A candidate InDel is not a guarantee of resistance or susceptibility, but an indicator that one should take a closer look at that location in the read mapping, to evaluate whether the variant is of interest.
A good way to investigate a candidate InDel further is to open up the "Genome Browser" track list output from the analysis and zoom into the candidate InDel's location. In figure 2.33 it is clear from the read mapping that a large deletion is present where the "Complex" is called.

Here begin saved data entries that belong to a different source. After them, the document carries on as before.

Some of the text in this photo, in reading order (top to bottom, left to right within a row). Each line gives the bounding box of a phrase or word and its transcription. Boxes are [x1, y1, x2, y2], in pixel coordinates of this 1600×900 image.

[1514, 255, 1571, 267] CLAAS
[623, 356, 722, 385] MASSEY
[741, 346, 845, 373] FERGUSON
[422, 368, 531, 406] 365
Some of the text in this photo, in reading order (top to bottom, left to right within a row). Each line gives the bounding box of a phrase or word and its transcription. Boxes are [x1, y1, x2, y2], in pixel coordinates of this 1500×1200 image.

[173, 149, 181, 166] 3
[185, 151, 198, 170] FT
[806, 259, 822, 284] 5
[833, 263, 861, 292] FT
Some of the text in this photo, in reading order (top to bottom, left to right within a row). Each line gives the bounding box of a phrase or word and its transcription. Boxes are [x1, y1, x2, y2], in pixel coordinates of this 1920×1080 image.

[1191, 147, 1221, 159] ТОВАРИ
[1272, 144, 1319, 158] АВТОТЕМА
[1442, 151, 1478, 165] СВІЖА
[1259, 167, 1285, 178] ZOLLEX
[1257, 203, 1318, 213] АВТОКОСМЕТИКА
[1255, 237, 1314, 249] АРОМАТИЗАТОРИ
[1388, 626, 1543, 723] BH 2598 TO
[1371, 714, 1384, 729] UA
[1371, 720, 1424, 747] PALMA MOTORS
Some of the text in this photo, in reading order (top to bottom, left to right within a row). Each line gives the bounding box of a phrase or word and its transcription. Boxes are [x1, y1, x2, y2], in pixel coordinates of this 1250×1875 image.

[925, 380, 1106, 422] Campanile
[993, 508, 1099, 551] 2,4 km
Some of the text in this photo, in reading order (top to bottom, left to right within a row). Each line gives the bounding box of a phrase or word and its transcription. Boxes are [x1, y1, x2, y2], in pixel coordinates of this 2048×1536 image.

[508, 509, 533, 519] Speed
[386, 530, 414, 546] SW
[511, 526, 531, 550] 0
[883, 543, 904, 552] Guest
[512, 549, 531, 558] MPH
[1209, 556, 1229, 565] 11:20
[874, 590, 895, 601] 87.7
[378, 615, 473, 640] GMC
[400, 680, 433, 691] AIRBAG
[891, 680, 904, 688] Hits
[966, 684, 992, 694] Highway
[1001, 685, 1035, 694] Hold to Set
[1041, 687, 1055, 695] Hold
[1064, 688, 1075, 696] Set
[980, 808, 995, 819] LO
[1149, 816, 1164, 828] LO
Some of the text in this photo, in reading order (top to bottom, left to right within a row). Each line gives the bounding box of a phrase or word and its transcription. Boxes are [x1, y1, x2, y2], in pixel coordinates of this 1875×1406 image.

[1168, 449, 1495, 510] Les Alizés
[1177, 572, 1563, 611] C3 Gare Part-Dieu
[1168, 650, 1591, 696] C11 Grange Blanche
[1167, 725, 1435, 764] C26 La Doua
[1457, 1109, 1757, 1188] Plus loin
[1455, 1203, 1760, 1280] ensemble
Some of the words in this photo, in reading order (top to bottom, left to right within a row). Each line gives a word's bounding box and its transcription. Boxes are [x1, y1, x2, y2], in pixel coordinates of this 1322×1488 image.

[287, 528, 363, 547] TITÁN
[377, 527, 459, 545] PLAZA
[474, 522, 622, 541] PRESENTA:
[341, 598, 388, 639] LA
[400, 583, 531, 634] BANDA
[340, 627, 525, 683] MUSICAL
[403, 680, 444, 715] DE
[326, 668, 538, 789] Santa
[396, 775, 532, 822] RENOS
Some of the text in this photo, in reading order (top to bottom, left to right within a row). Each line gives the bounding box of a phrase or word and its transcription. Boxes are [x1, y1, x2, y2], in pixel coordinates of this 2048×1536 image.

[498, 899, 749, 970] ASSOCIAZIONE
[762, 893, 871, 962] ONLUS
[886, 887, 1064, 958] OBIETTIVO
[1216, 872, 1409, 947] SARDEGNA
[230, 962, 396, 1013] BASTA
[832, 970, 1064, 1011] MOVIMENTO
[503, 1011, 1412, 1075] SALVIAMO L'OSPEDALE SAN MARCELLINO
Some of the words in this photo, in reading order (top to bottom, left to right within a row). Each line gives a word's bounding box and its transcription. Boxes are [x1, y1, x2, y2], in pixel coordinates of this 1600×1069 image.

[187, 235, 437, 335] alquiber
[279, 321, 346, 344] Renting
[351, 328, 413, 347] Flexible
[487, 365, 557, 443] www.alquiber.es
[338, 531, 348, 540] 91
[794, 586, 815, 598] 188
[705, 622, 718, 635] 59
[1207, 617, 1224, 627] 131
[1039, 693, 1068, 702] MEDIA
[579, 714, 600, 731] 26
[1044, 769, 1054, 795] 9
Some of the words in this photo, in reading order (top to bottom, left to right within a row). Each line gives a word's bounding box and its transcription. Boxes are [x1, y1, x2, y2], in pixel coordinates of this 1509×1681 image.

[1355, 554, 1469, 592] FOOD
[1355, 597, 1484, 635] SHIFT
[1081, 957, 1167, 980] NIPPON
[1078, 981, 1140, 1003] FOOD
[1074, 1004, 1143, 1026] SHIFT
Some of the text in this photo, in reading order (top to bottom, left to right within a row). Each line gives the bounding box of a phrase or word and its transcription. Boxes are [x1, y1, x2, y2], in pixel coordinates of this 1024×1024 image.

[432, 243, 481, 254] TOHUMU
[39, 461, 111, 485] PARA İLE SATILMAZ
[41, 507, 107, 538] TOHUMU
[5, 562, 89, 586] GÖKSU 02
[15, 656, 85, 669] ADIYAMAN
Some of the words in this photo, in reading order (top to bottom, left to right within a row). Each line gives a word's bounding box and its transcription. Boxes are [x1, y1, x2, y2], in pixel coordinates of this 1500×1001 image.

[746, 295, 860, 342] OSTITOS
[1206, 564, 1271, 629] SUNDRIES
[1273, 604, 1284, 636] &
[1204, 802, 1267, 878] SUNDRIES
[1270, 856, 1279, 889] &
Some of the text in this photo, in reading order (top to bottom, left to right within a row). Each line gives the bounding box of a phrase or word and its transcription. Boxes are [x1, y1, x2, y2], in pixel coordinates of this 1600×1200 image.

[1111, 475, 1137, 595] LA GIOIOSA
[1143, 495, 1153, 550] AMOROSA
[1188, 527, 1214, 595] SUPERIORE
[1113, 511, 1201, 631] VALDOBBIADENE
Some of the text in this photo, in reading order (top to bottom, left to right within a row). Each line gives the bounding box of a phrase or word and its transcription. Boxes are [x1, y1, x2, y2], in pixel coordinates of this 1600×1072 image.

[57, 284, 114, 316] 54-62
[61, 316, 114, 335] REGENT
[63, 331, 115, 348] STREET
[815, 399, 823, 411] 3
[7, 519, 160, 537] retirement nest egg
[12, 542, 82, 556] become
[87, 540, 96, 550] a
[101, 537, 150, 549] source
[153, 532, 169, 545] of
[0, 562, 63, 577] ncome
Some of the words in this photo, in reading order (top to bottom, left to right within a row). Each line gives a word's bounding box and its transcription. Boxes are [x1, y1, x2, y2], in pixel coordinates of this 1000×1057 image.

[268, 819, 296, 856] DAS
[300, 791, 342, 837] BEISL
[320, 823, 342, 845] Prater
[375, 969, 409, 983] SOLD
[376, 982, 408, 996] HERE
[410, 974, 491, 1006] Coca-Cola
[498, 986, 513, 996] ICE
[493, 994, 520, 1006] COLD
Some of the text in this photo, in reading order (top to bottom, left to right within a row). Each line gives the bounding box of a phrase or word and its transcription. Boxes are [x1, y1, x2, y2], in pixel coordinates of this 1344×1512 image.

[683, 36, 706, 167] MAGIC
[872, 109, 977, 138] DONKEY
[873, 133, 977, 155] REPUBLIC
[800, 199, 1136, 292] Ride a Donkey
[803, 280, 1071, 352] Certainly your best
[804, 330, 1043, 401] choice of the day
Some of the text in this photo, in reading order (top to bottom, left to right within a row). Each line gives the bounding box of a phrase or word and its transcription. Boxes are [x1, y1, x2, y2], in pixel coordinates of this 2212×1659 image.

Figure 2.33: A candidate complex called in a region of the genome where the read mapping clearly lacks coverage, indicating that the complex is a deletion. In the filtered WHO resistance database track (bottom), it can be seen that the candidate complex, now confirmed to be a deletion, overlaps with multiple large WHO LoF deletions.
Candidate InDels are annotated with both WHO insertions and deletions, so it is necessary to take a closer look at the variants to determine whether candidate drug resistance from the report is supported. The "WHO_mycobacterium_tuberculosis_variant_database_v1.0 (filtered)" track in the Genome Browser can help to investigate whether the InDel overlaps with a meaningful WHO variant. In figure 2.33 the candidate deletion overlaps with multiple WHO loss of function deletions, which confer resistance to the drug Isoniazid. It can be inferred that a large deletion will confer similar resistance (see also pages 88 and 102 about "feature_ablation" in [WHO, 2023]).
Mycobacteriaceae typing analysis
The Mycobacteriaceae typing analysis is intended for samples where the QIAseq xHYB NTM-ID Panel was used in conjunction with the QIAseq xHYB Mycobacterium tuberculosis Panel. It performs the analysis in the same way as the Analyze QIAseq xHYB NTM-ID Panel Data (Human host) template workflow. A description of the analysis is available under The workflow analysis.
The reads used as input for the Mycobacteriaceae analysis in this workflow, are extracted from the hsp65 gene region of the H37Rv read mapping. Due to the high level of similarity between hsp65 genes from different Mycobacteriaceae species, reads are expected to map to this region, even if they don't come from H37Rv.
The "QIAseq xHYB NTM-ID Analysis Report" report contains the following sections:
- Summary. A summary of the QC summary item "Percentage reads mapped to reference" and whether it passed (green) or failed (red).
- Find best references using read mapping. Contains a summary of how many of the input reads mapped to the hsp65 references and how many were unmapped. These are the mapping statistics before refinement of the references, and may not match the number of reads mapped to the reference(s) in the following sections. To see more details of the results prior to refinement, see the "Find_best_reference_report" in the "QC & Reports" folder.
- QC for Mycobacteriaceae mapping. (Only if a positive result was detected). Contains the name of the reference(s) detected after refinement of references and mapping statistics for the reads mapped to them. The bottom of Workflow outputs and how to interpret contains details about the columns.